In May 2025, TMT Motors announced its decision to invest nearly VND 100 billion in establishing a subsidiary, TMT Energy Solutions JSC, specializing in electric vehicle charging stations.

The company plans to deploy a network of up to 30,000 charging stations with 60,000 charging points nationwide. With the Vietnamese electric vehicle market still in its infancy and TMT itself experiencing a challenging year in business, this large-scale investment move has raised questions: Is it a strategic step or a risky gamble?

Assessing TMT Motors’ Financial Health Amid the Decision to Invest VND 100 Billion in Charging Stations

According to the 2024 financial report, TMT Motors recorded its worst performance in recent years.
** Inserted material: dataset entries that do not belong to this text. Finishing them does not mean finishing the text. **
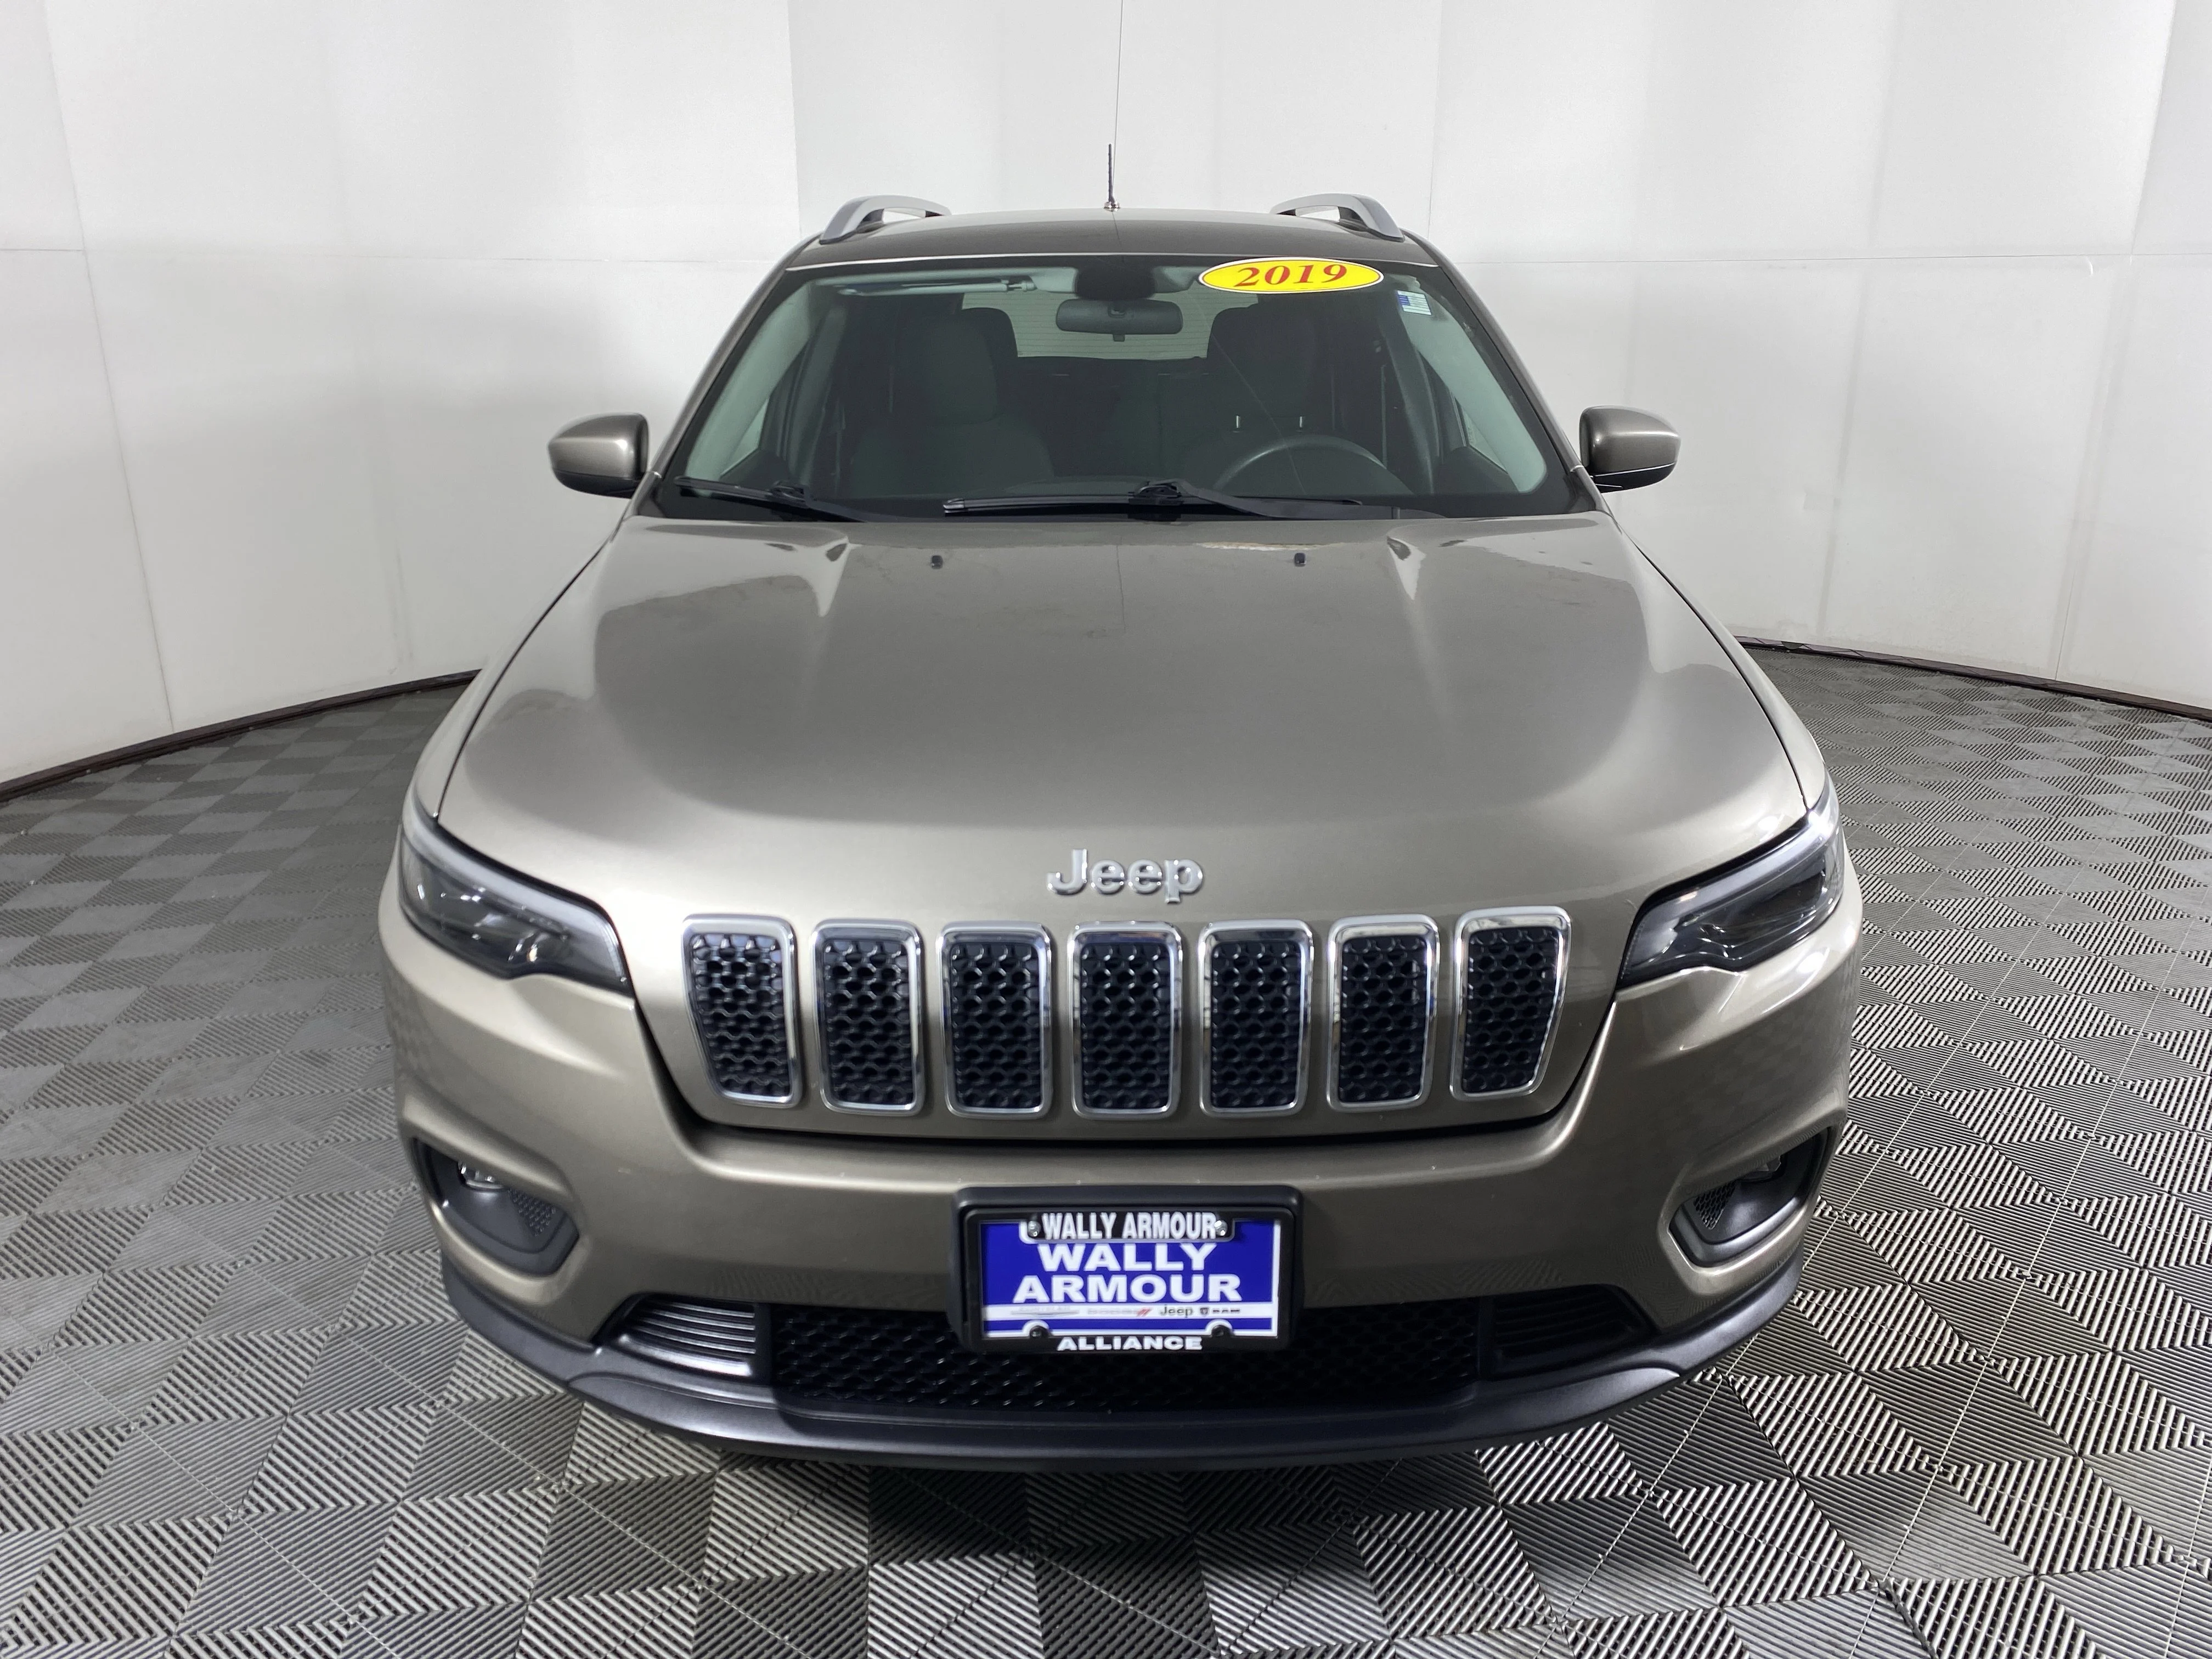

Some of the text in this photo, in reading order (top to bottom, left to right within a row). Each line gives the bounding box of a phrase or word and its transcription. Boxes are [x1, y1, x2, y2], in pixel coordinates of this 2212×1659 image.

[1234, 264, 1347, 287] 2019
[1047, 848, 1204, 905] Jeep
[1042, 1211, 1216, 1240] WALLY ARMOUR
[1037, 1243, 1217, 1272] WALLY
[1012, 1274, 1242, 1303] ARMOUR
[1160, 1304, 1193, 1318] Jeep
[1057, 1336, 1203, 1351] ALLIANCE
Specifically, the company reported a net loss of VND 325.4 billion, compared to a profit of VND 22.3 billion in 2023. Notably, a negative gross profit of VND 49.9 billion in the past year indicates that the company is selling vehicles below cost to compete for market share through a pricing strategy.

As of the end of 2024, total assets decreased by 32.4% to VND 1,465.8 billion. Inventories accounted for VND 485.4 billion, nearly one-third of total assets. Additionally, accumulated losses reached VND 269.7 billion, equivalent to nearly 73% of charter capital, leading to TMT shares being put on the warning list by the Ho Chi Minh City Stock Exchange.
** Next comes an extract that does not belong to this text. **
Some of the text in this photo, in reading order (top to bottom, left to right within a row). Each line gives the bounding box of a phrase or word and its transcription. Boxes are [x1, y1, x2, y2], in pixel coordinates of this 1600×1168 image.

Wuling electric car sales in Vietnam in 2024 exceeded 1,300 units, compared to 591 units in 2023.

TMT’s financial structure also reveals an imbalance. The debt ratio reached VND 1,045 billion, significantly higher than owner’s equity (VND 185 billion), resulting in a debt-to-equity ratio of 5.6 times. Short-term debt accounts for more than 75%, mainly bank loans for production and vehicle imports.
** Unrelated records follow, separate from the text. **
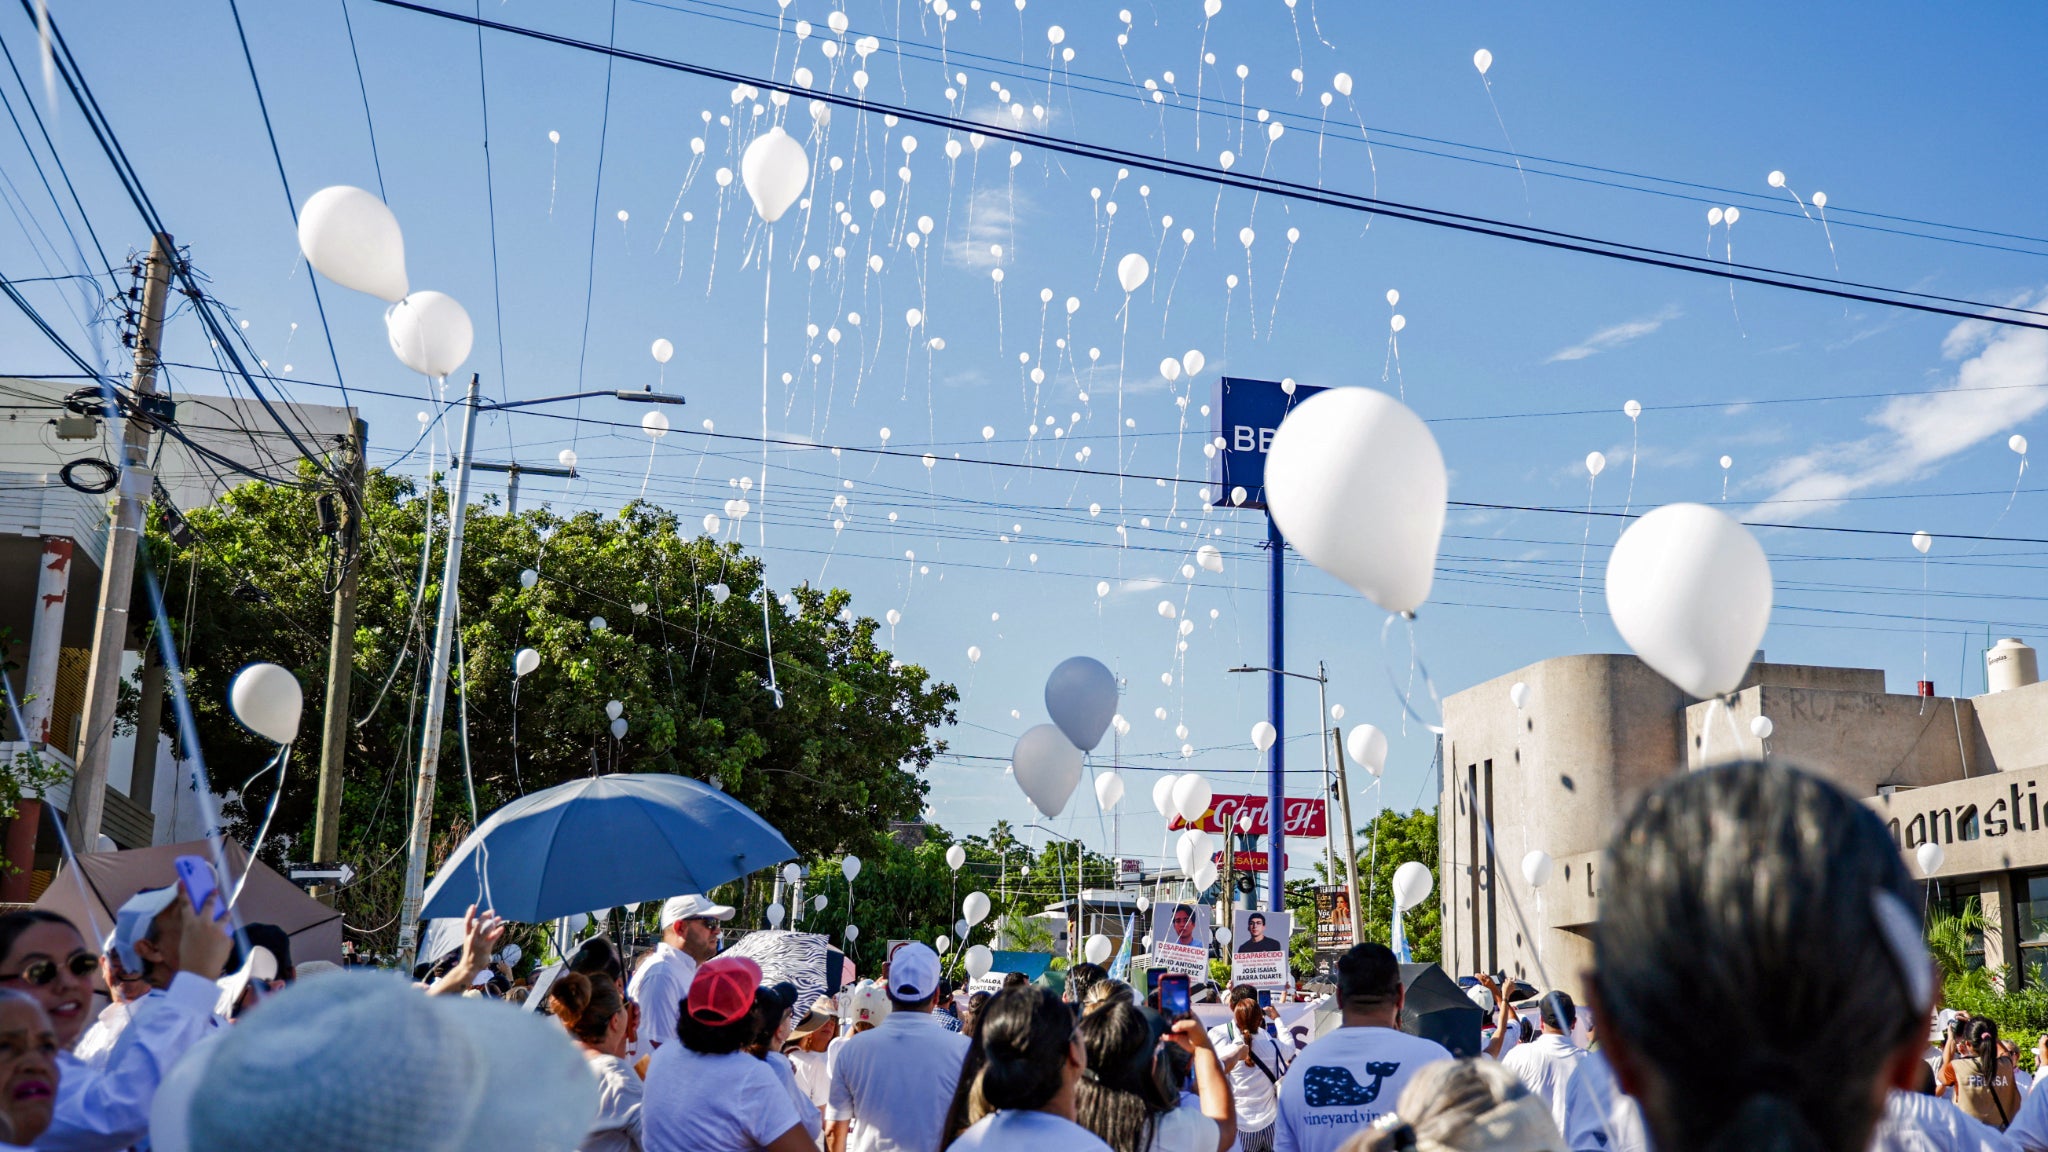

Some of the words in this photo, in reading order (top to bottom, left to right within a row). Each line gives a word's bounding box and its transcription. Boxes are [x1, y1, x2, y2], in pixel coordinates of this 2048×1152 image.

[1284, 802, 1319, 832] Jr.
[1158, 943, 1206, 956] DESAPARECIDO
[1234, 951, 1283, 960] DESAPARECIDO
[1175, 960, 1204, 970] ANTONIO
[1304, 1109, 1358, 1128] vineyard
In the first quarter of 2025, TMT reported a profit of VND 34 billion due to cost-cutting measures and inventory clearance. However, considering the annual after-tax profit target of VND 270 billion, the company has only achieved over 12.5%.

While this indicates a long-term commitment to the production, assembly, and business of electric vehicles for some, the financial indicators above raise questions about the company’s decision to invest VND 100 billion in a charging station company, especially given the less-than-favorable electric vehicle business landscape.

Establishing charging stations involves more than just installing charging poles. It requires a monitoring system, maintenance, software synchronization, payment support, electricity management, and negotiations with localities for reasonable site acquisition. With a scale of 30,000 stations, if each station incurs an investment cost of approximately VND 300 million, the total investment capital will amount to VND 9,000 billion – 90 times the chartered capital of the newly established company.

Who Will Utilize the 30,000 Charging Stations?

According to the announcement, the new subsidiary aims to deploy an ecosystem of 30,000 charging points and 60,000 charging guns by 2030. This number surpasses the total number of existing charging stations in the country, including those of VinFast. To put this into perspective, as of the end of 2024, VinFast, the largest electric vehicle manufacturer in Vietnam, operated approximately 8,000 stations with nearly 90,000 charging guns.

The question arises: Who will TMT’s charging stations serve?

In 2024, TMT sold 1,358 electric vehicles, mainly the domestically assembled Wuling HongGuang Mini EV model. For 2025, the company targets sales of 8,075 vehicles, including 3,404 electric vehicles – an increase of nearly 2.5 times compared to the previous year, but still a small fraction of the market.

Even if TMT achieves its 2025 target of 3,404 electric vehicles and continues to grow in subsequent years, the current sales growth rate suggests that the system of 30,000 charging stations may still be excessive compared to the company’s vehicle deployment.

In addition to Wuling electric vehicles, TMT’s charging system will be expanded to accommodate other electric vehicle brands.

While TMT has stated that their charging system will be open to other brands, the issue lies in the fact that, apart from VinFast, major automotive brands in Vietnam, such as Toyota, Hyundai, Kia, Mazda, and Ford, have not announced any concrete plans to introduce affordable electric vehicles to the market. Meanwhile, Chinese electric vehicle brands that entered the market in 2024 are facing the harsh reality of low sales. BYD has not disclosed sales figures, and brands like Haima, Aion, and Dongfeng have become nearly invisible in the market. Both BYD and Omoda & Jaecoo seem to be focusing more on hybrid vehicles rather than pure electric ones.

On the other hand, VinFast, the only brand with impressive electric vehicle sales growth, has already invested in its own charging network and is offering free charging until mid-2027. With over 36,000 electric vehicles delivered in the first quarter and 80,000 in 2024, VinFast has a compelling reason to retain customers within its independent ecosystem, and there is little incentive for them to utilize TMT’s charging stations.

TMT Motors may be aiming to take the lead in capturing infrastructure market share – a segment that remains untapped in the affordable electric vehicle market. However, if the electric vehicle market fails to grow at the expected rate, they may encounter obstacles.

Given the current financial situation, TMT Motors’ investment of nearly VND 100 billion in a charging station company is a risky move. The company is betting on a market that has not yet fully blossomed, while also struggling to sell their affordable electric vehicles. A charging ecosystem is only efficient when coupled with a significant electric vehicle market share, which TMT currently lacks.